Herkes Önden Ne Gönderdiğini Bilecek

 

«Herkes önden gönderdiğini ve geriye ne­ler bıraktığını bilecek..»

Hayatta hemen her insanın birtakım ihmalleri, kusurları, günahları ola­bileceği gibi, maddî ve manevî hususlarda da kaçırdığı veya eline geçtiği halde değerlendiremediği birçok şeyler vardır. Tabii peygamberler (salât-ü selâm hepsine olsun) bu genellemenin dışında bulunuyorlar. Çünkü Cenâb-ı Hak onlara «ismet» sıfatını lâyık görmek suretiyle kendilerini günahlardan, birtakım aşırılıklardan korumuştur.
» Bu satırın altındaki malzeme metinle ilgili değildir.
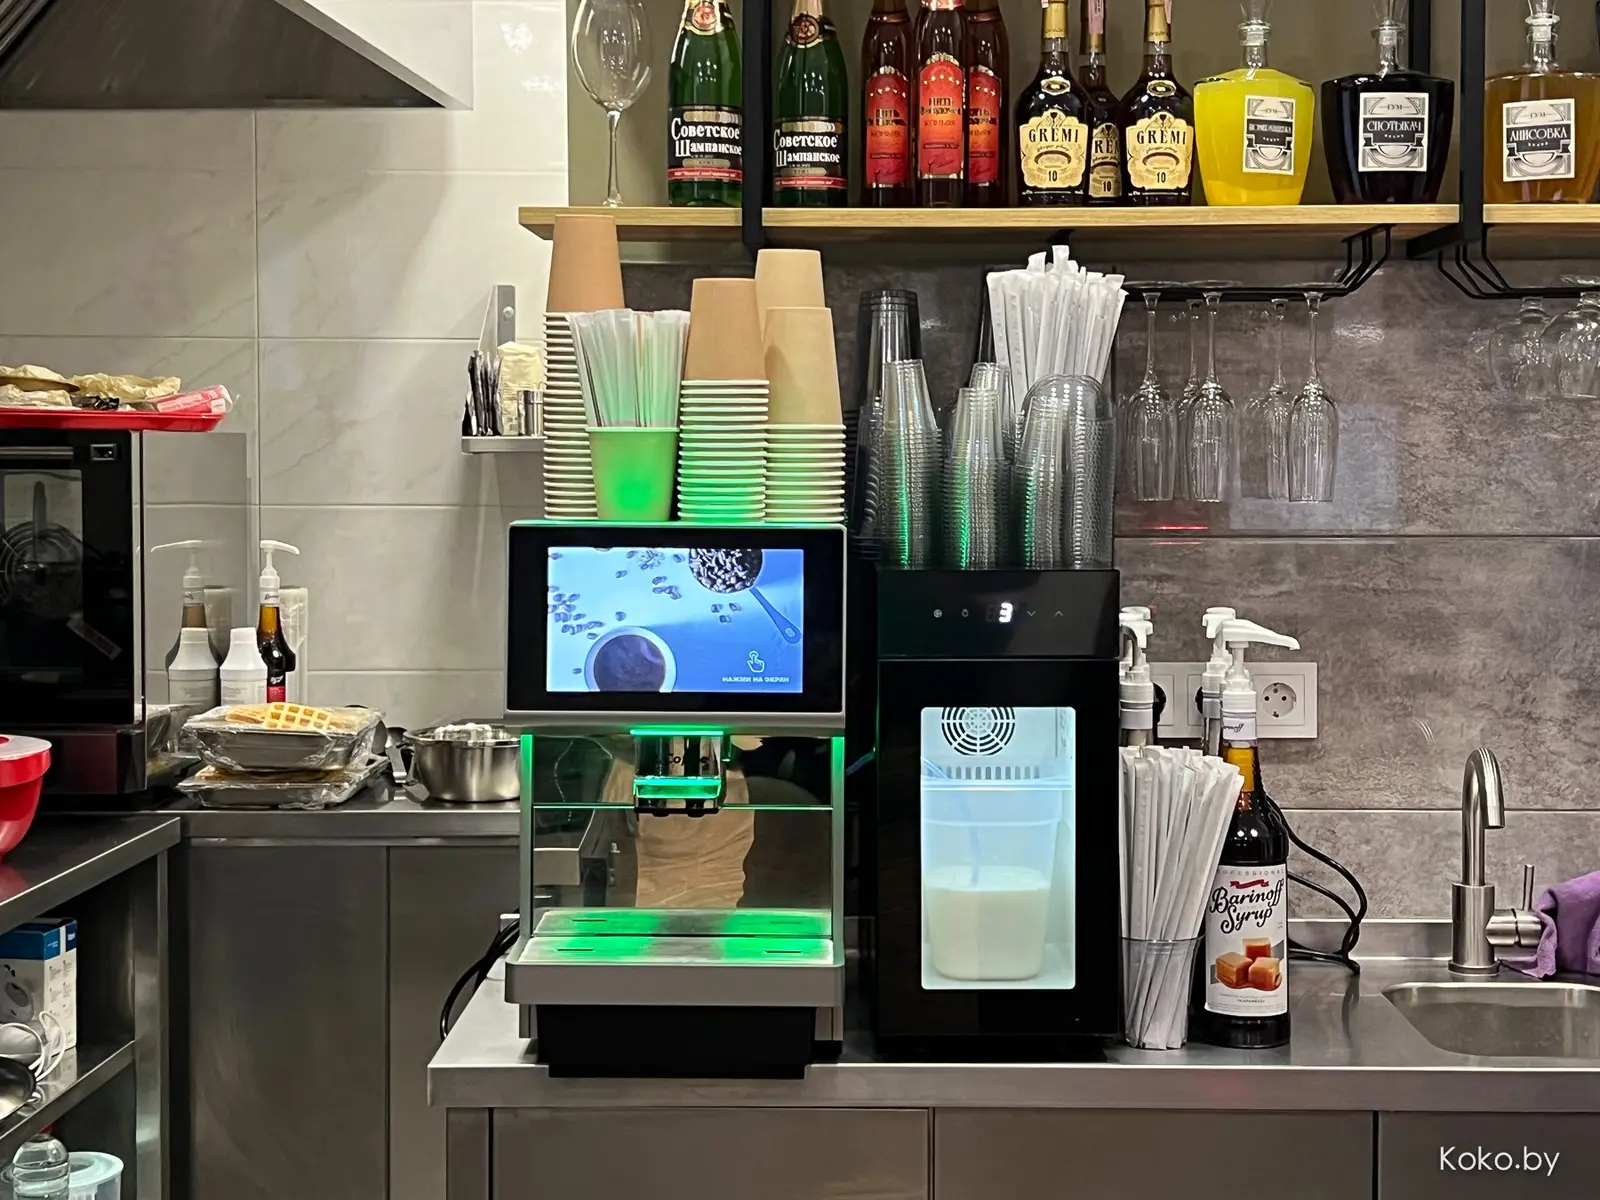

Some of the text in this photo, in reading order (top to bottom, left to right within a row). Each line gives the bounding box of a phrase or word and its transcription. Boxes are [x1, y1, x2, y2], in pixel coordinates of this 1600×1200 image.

[671, 117, 741, 141] Советское
[1028, 127, 1079, 143] GREMI
[1136, 129, 1187, 145] GREMI
[1509, 126, 1568, 142] АНИСОВКА
[675, 139, 742, 157] Шампанское
[773, 129, 838, 151] Советское
[776, 150, 840, 167] Шампанское
[1048, 170, 1058, 182] 10
[1156, 171, 1167, 183] 10
[1102, 180, 1112, 193] 10
[1209, 878, 1284, 914] Barinoff
[1220, 904, 1272, 934] Syrup
Gerçek bu olunoa ne yapmamız gerekmektedir? Unutmayalım ki, za­man kendi akışına devam etmekte ve hiç kimseyi beklememektedir. İnsa­na ayrılan kısa ömür süresince yapılacak çok şeyler vardır. Geçen her za­man parçası ya lehimize, ya da aleyhimize işlemektedir. O bakımdan ha­yatımızı Kur'ân'm verdiği plân ve programa göre değerlendirdiğimiz nisbet-te mutlu ve bahtiyar oluruz; aynı zamanda yaratılışımızın hikmetine uygun bir dönemi kendi lehimize değerlendirme şansına erişebiliriz.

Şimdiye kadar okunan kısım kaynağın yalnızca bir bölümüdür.